The increase in world agriculture prices caused by the global boom in biofuels could benefit many of the world’s rural poor, according to the Worldwatch Institute. This is one conclusion of a landmark new 450-page book, Biofuels for Transport: Global Potential and Implications for Energy and Agriculture, authored by Worldwatch and published by Earthscan.
“Decades of declining agricultural prices have been reversed thanks to the growing use of biofuels,” says Christopher Flavin, president of the Institute. “Farmers in some of the poorest nations have been decimated by U.S. and European subsidies to crops such as corn, cotton, and sugar. Today’s higher prices may allow them to sell their crops at a decent price, but major agriculture reforms and infrastructure development will be needed to ensure that the increased benefits go to the world’s 800 million undernourished people, most of whom live in rural areas.”
Biofuels for Transport, undertaken with support from the German Ministry of Food, Agriculture, and Consumer Protection, assesses the range of “sustainability” issues the biofuels industry will present in the years ahead, ranging from implications for the global climate and water resources to biological diversity and the world’s poor. The book finds that rising food prices are a hardship for some urban poor, who will need increased assistance from the World Food Programme and other relief efforts. However, it notes that the central cause of food scarcity is poverty, and seeking food security by driving agricultural prices ever lower will hurt more people than it helps.
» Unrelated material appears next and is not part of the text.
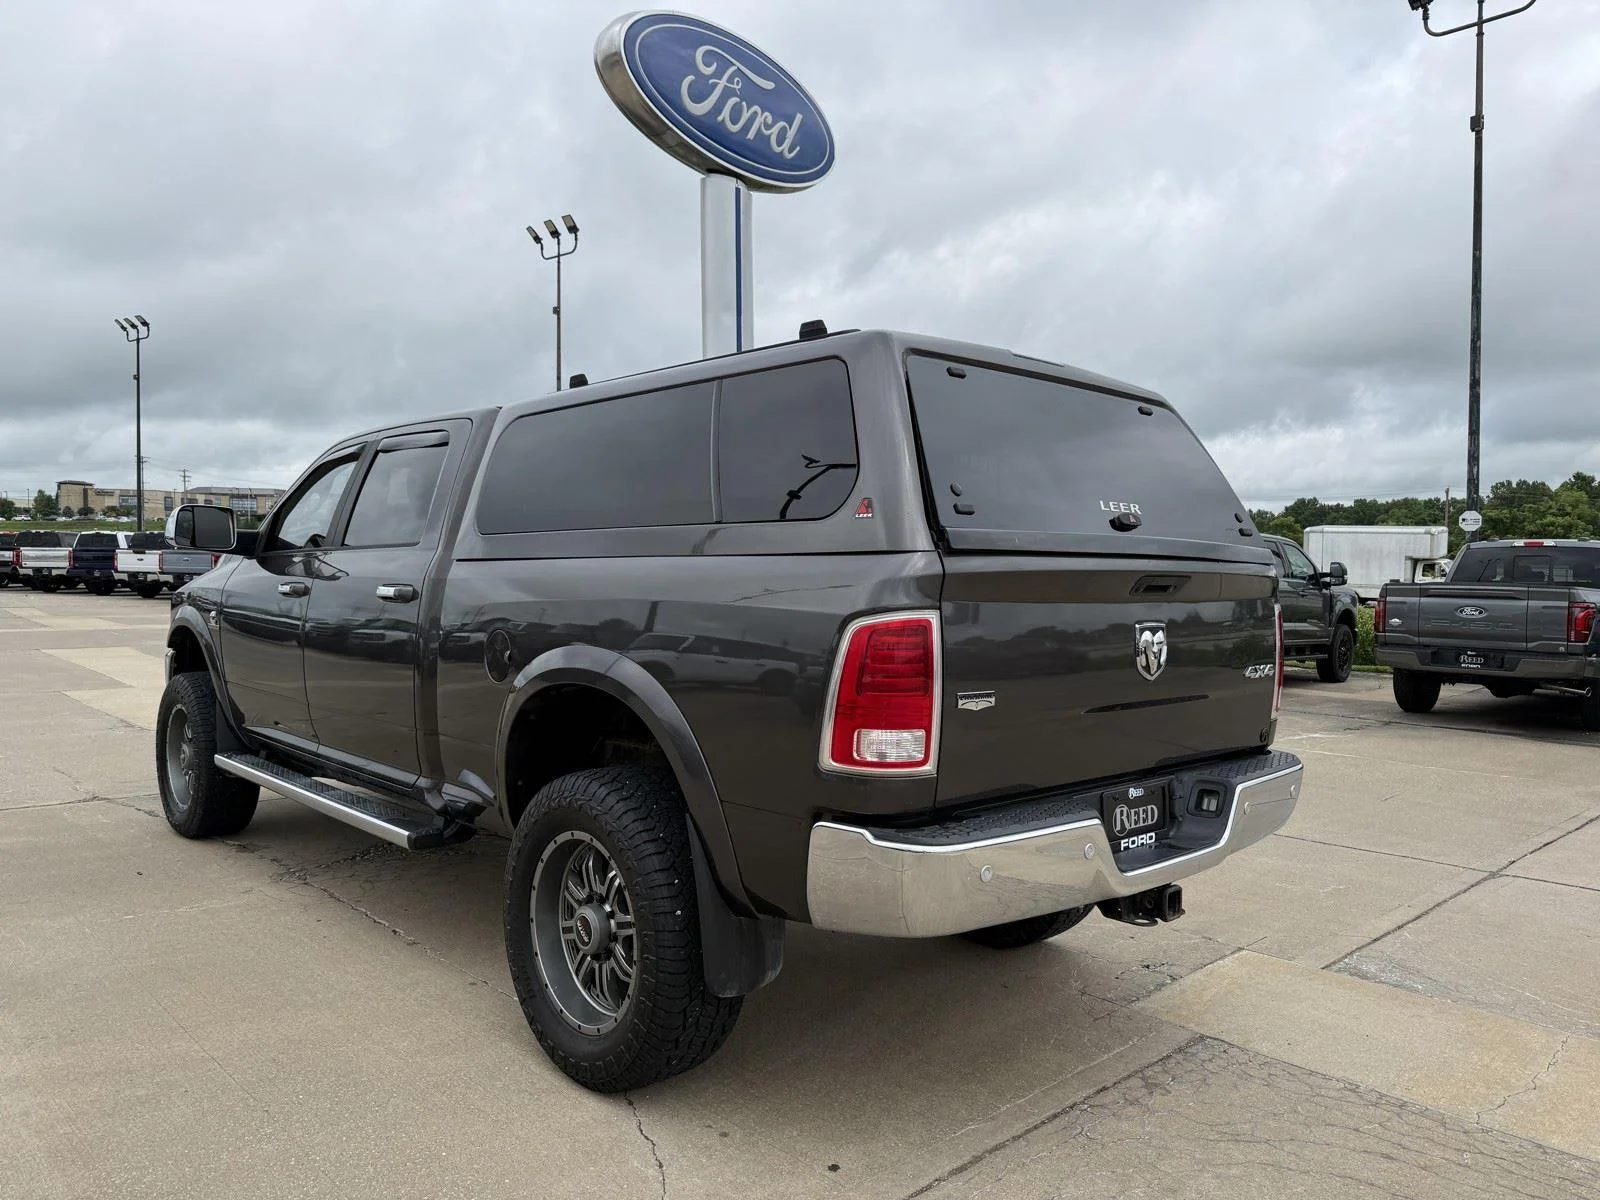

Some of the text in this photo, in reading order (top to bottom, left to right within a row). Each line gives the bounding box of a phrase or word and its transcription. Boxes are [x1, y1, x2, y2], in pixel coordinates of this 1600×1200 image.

Growth in biofuels production may have unexpected economic benefits, according to the experts who contributed to the report. Of the 47 poorest countries, 38 are net importers of oil and 25 import all of their oil; for these nations, the tripling in oil prices has been an economic disaster. But nations that develop domestic biofuels industries will be able to purchase fuel from their own farmers rather than spending scarce foreign exchange on imported oil.
World biofuels production rose 28 percent to 44 billion liters in 2006, according to the figures compiled since research on Biofuels for Transport was completed; fuel ethanol was up 22 percent and biodiesel rose 80 percent. Although biofuels comprise less than 1 percent of the global liquid fuel supply, the surge in production of biofuels in 2006 met 17 percent of the increase in supply of all liquid fuels worldwide last year.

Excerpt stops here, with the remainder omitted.